Return the listing exactly as it appears, but strip out the images.

## PROVIDED MATERIAL
————

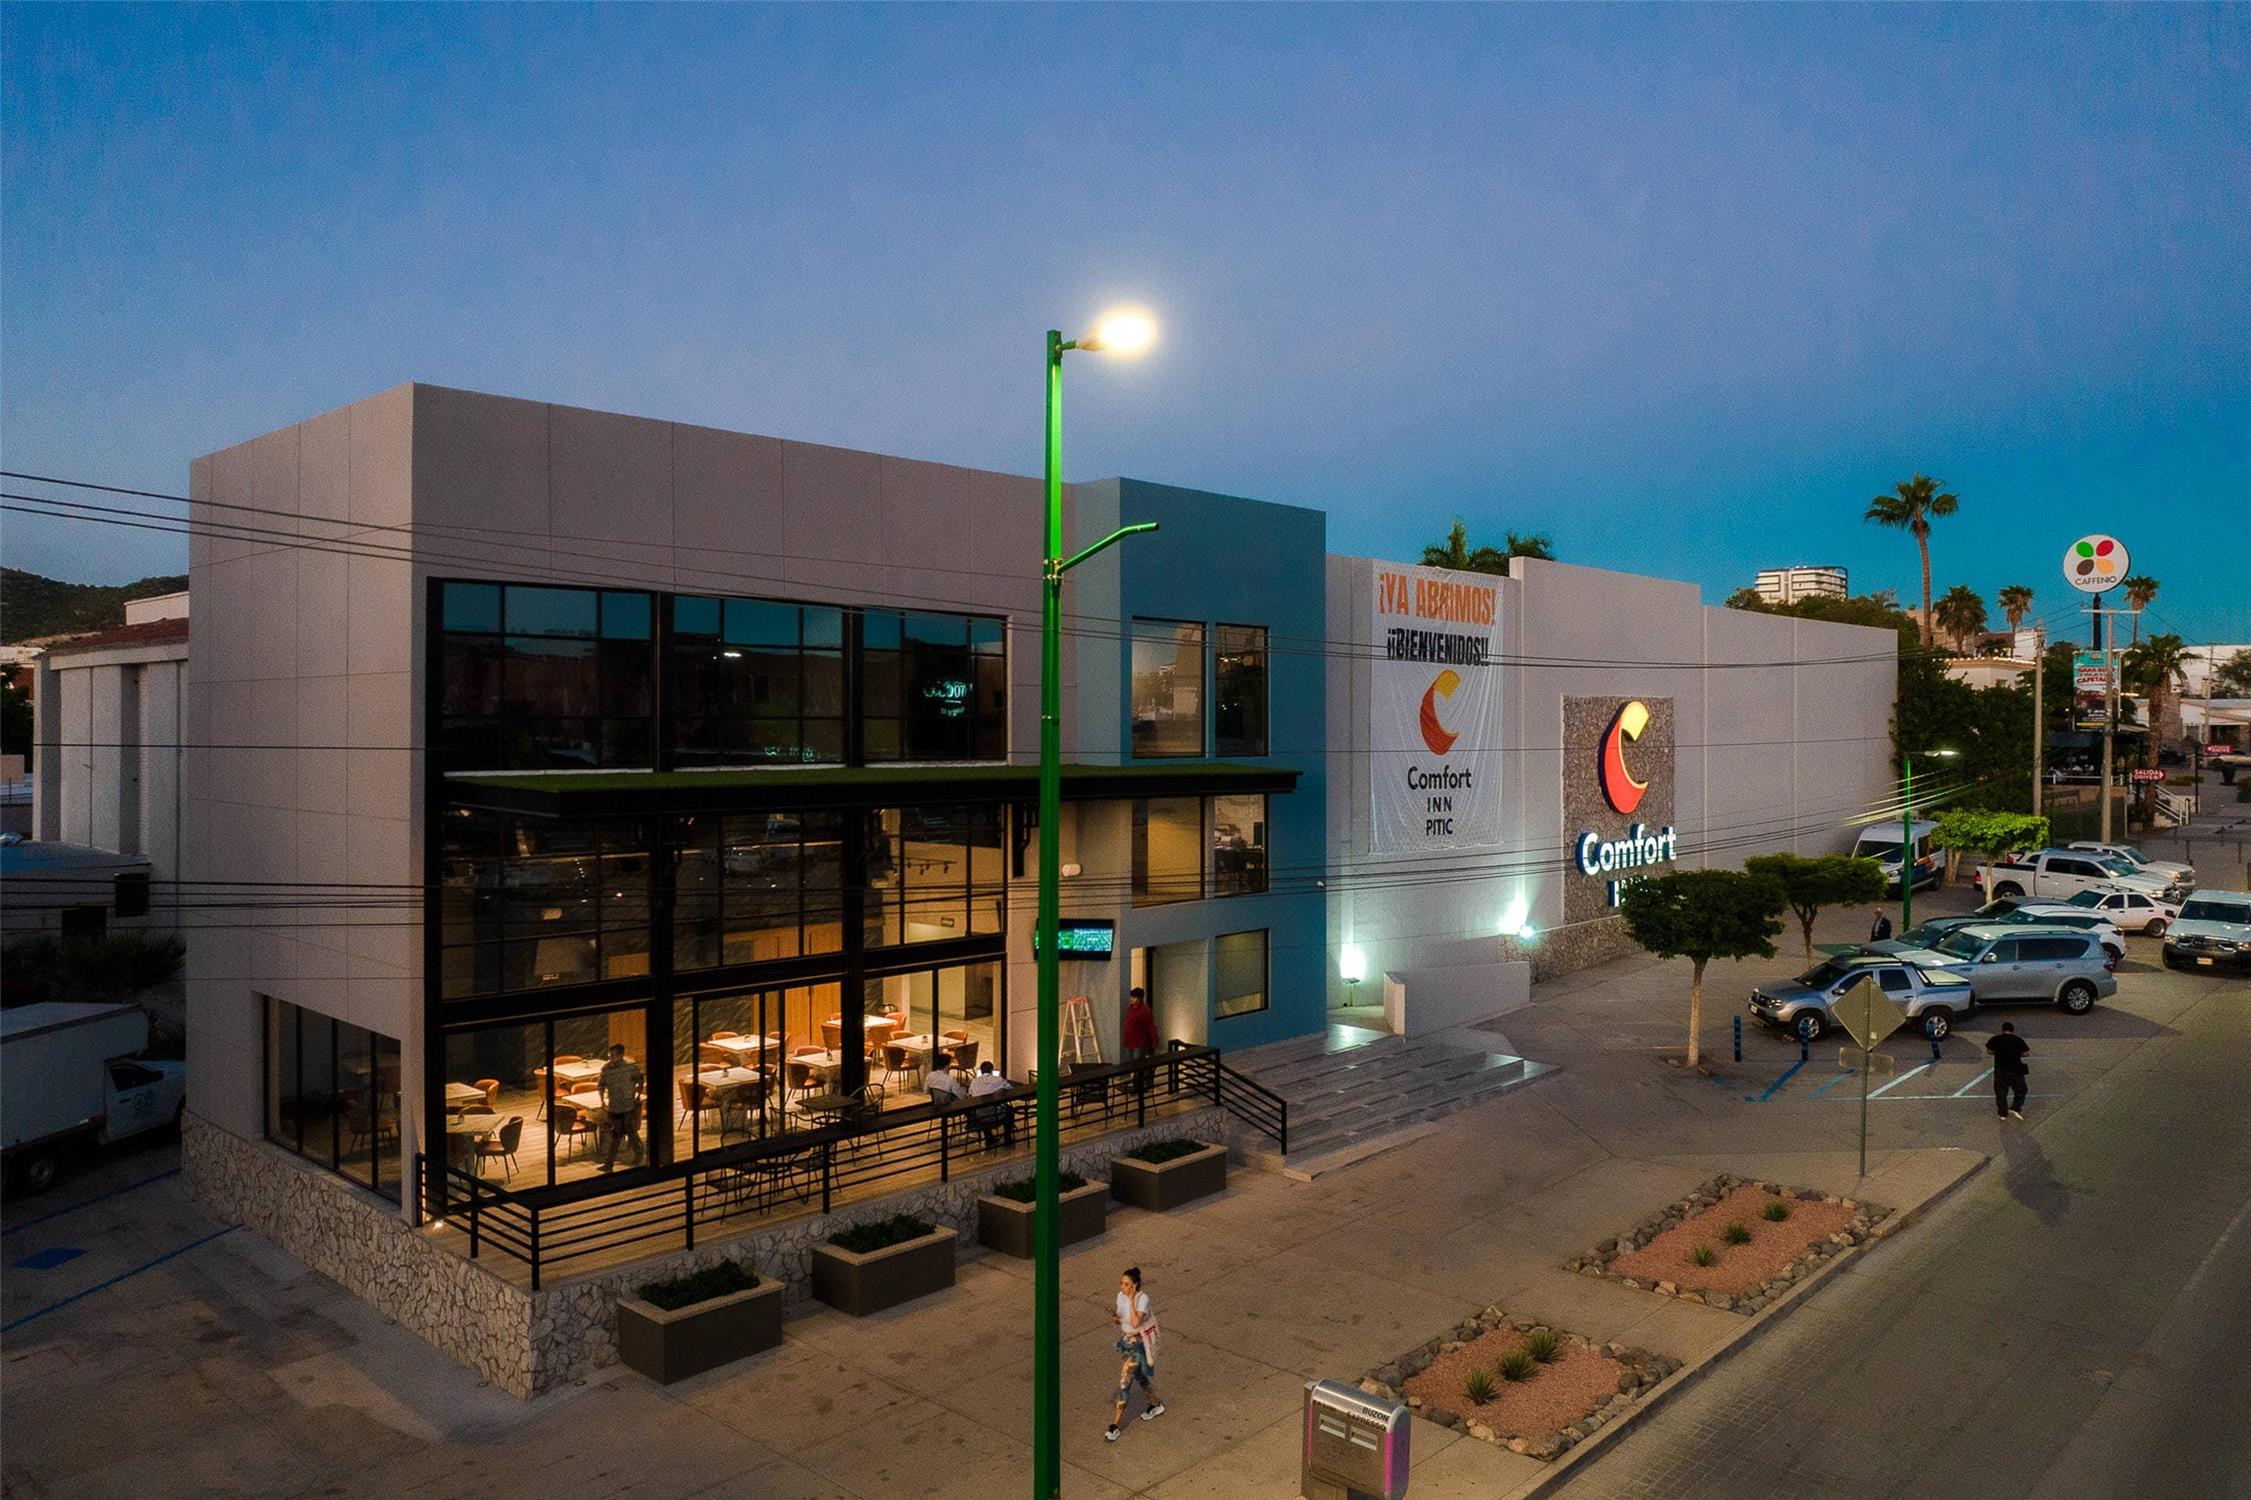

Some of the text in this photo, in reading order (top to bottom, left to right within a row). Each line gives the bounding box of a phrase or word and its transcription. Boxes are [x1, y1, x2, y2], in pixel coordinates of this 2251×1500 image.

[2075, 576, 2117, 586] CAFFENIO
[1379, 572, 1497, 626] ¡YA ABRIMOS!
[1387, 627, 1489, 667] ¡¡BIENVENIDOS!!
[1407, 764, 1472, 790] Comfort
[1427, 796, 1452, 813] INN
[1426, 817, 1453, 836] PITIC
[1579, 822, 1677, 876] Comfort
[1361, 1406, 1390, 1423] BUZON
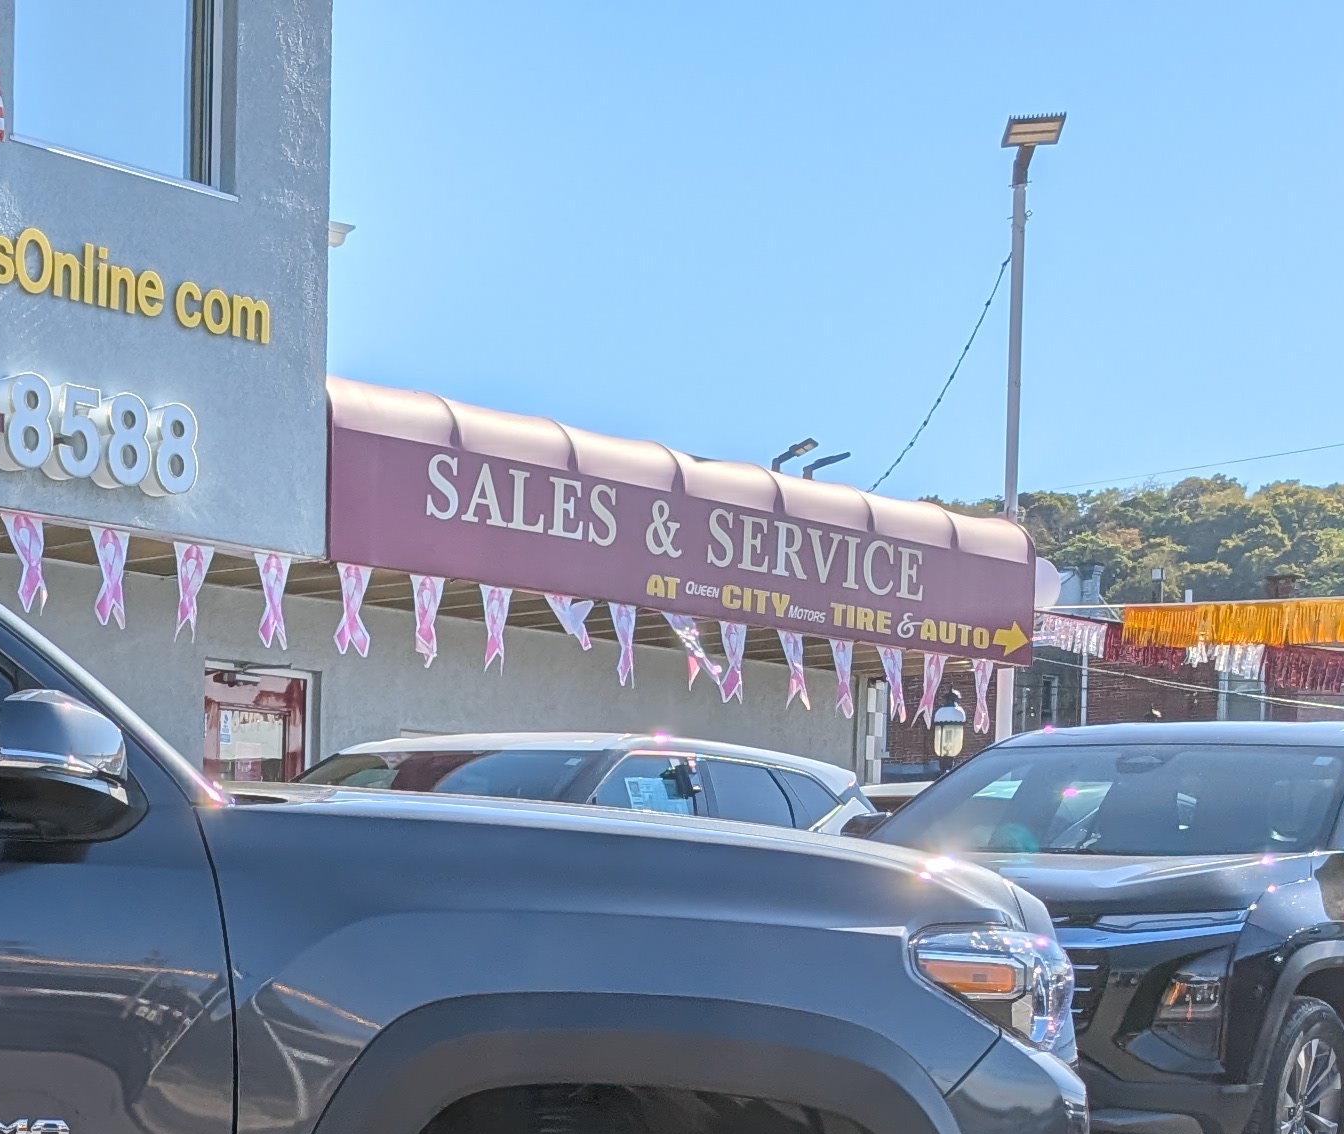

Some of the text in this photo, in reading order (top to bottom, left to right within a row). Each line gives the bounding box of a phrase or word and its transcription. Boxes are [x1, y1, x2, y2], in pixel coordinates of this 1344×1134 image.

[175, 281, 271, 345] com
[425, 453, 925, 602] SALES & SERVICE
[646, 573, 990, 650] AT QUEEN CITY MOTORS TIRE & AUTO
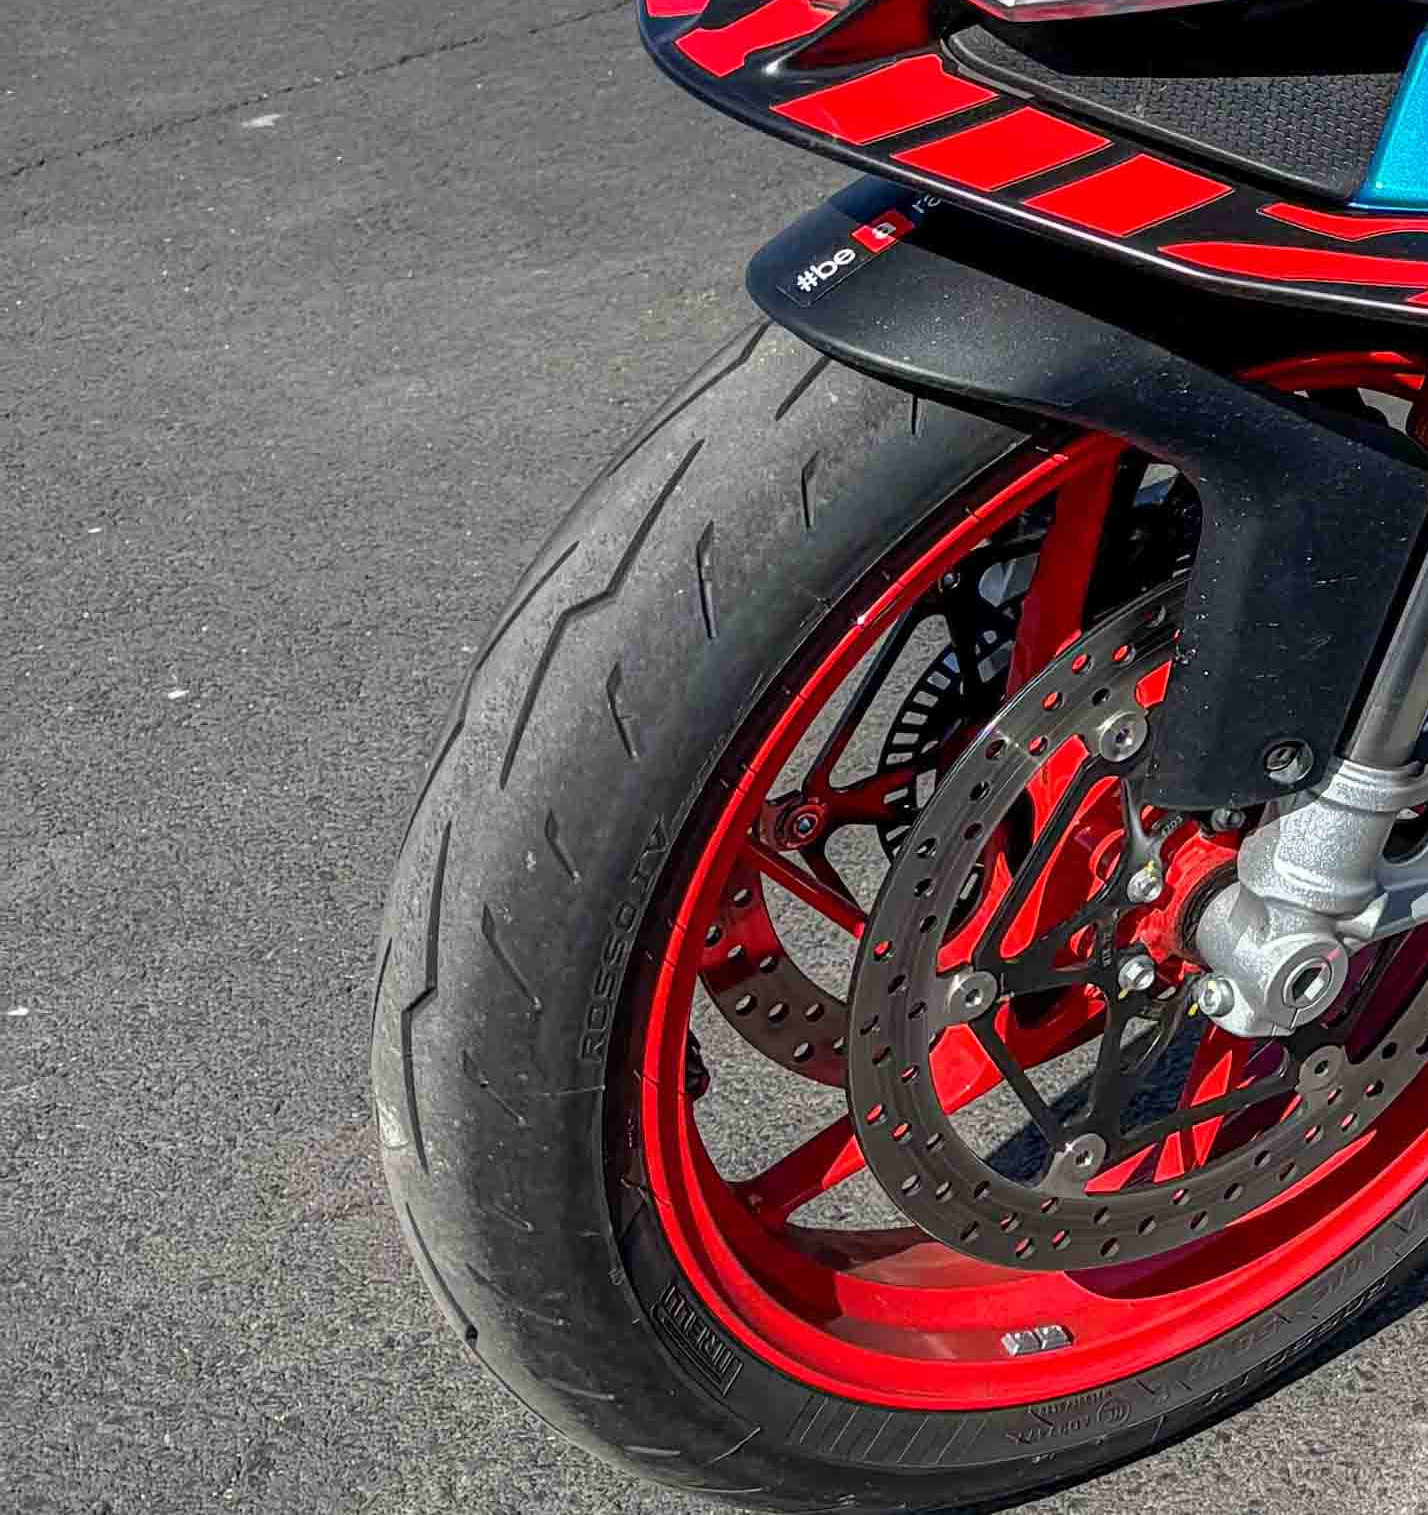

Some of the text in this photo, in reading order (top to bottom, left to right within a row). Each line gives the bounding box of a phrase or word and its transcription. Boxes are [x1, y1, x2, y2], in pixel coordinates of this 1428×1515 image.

————

## RESPONSE AREA
Some of the text in this photo, in reading order (top to bottom, left to right within a row). Each line gives the bounding box of a phrase or word and its transcription. Boxes are [x1, y1, x2, y2], in pixel coordinates of this 2251×1500 image.

[2075, 576, 2117, 586] CAFFENIO
[1379, 572, 1497, 626] ¡YA ABRIMOS!
[1387, 627, 1489, 667] ¡¡BIENVENIDOS!!
[1407, 764, 1472, 790] Comfort
[1427, 796, 1452, 813] INN
[1426, 817, 1453, 836] PITIC
[1579, 822, 1677, 876] Comfort
[1361, 1406, 1390, 1423] BUZON

Some of the text in this photo, in reading order (top to bottom, left to right within a row). Each line gives the bounding box of a phrase or word and its transcription. Boxes are [x1, y1, x2, y2], in pixel coordinates of this 1344×1134 image.

[175, 281, 271, 345] com
[425, 453, 925, 602] SALES & SERVICE
[646, 573, 990, 650] AT QUEEN CITY MOTORS TIRE & AUTO

Some of the text in this photo, in reading order (top to bottom, left to right within a row). Each line gives the bounding box of a phrase or word and its transcription. Boxes are [x1, y1, x2, y2], in pixel coordinates of this 1428×1515 image.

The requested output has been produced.